GHOST IN THE MACHINE (1993)
Reviewed by Jerry Saravia
Original review from 2003
Back in the day when the Internet was known as the Information Superhighway and nobody knew what an email was, a little film called "Ghost in the Machine" was released in theatres. It focused on the dangers of the Internet, particularly when somebody can have access to anything like bank account numbers, address books, shopping lists, etc. Well, those ideas are at the surface of "Ghost in the Machine," a ludicrous, snail-paced slasher movie that tries to pass itself off as relevant and timely. Not a ghost of a chance.

The opening scenes give the impression that we are about to see an average slasher picture. A young man, who works in an Ohio computer store, steals address books from clients and begins murdering every one of the occupants at these addresses. The latest client is Terry Monroe (Karen Allen), who mistakenly leaves her address book in the store (I suppose the killer will only kill forgetful people who leave their address books in the store? Just a guess). The young man races in his car in the rainy night to give back the book to Terry and presumably kill her. There is a tragic accident where the killer's car careens into a cemetery, and he gives one of those devilish laughs that signifies he was expecting this to happen. He is taken to the hospital for an MRI when an electrical storm causes a malfunction in the circuits. This supercharged electrical storm metamorphoses the killer into a human computer signal where he can access anyone's computer and kill them. His last target is Terry and her wanna-be rapper son.

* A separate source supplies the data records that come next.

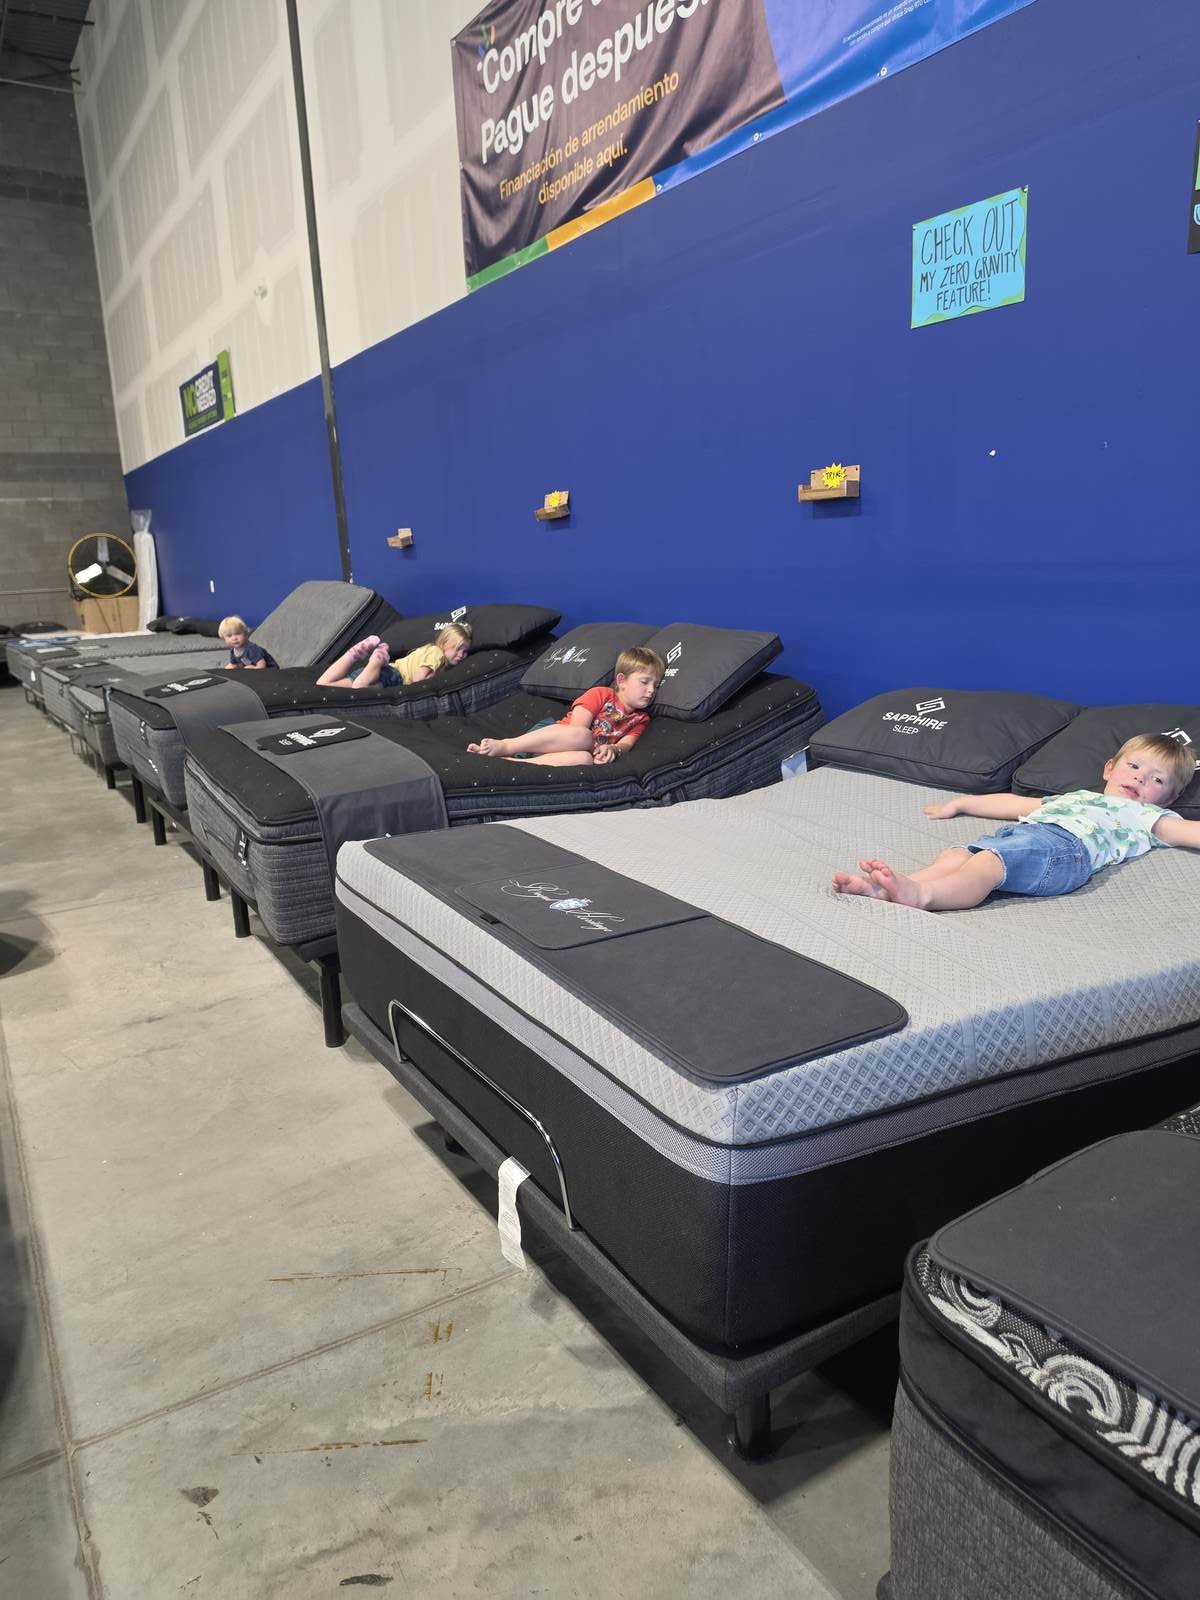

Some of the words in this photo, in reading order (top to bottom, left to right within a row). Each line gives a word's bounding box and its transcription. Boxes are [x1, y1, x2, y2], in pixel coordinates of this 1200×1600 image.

[481, 85, 554, 164] Pague
[500, 149, 563, 200] Financiación
[565, 136, 579, 157] de
[582, 72, 679, 146] arrendamiento
[538, 157, 593, 204] disponible
[596, 133, 628, 167] aquí.
[921, 216, 973, 265] CHECK
[982, 198, 1018, 253] OUT
[920, 270, 936, 292] MY
[940, 261, 969, 288] ZERO
[975, 249, 1018, 280] GRAVITY
[936, 279, 991, 311] FEATURE!
[882, 711, 948, 730] SAPPHIRE
[892, 724, 919, 735] SLEEP

The only problem with this conceit is that the killer is not just a computer signal beaming down from a satellite or a tech company. He can also travel through electrical wires and zap you through your washer machine, toaster oven, microwave, hair dryer (!), radio, and so on (much like the killer in "Shocker.") In other words, the movie seems to be saying that no electrical appliances are safe in your own home, and for goodness sakes', seal those electrical outlets! Perhaps the message is that we are so dependent on our appliances that we should consider cooking our food at a campfire and speak to people on the street instead of calling them and/or emailing them. After all, a killer could be loose and increase our electric bill.

This movie was a downward trajectory for Karen Allen, who has none of the spit, fire or polish of her more accomplished roles - she is as indifferent as the rest of the cast is. As for the killer, the actor has a certain creepiness but since the writers have given no real apparent motive except the desire to kill anyone within his reach (especially Terry's friends), there is nothing to cling to - he is just a one-dimensional inhuman killer. Delete this ghost of a movie.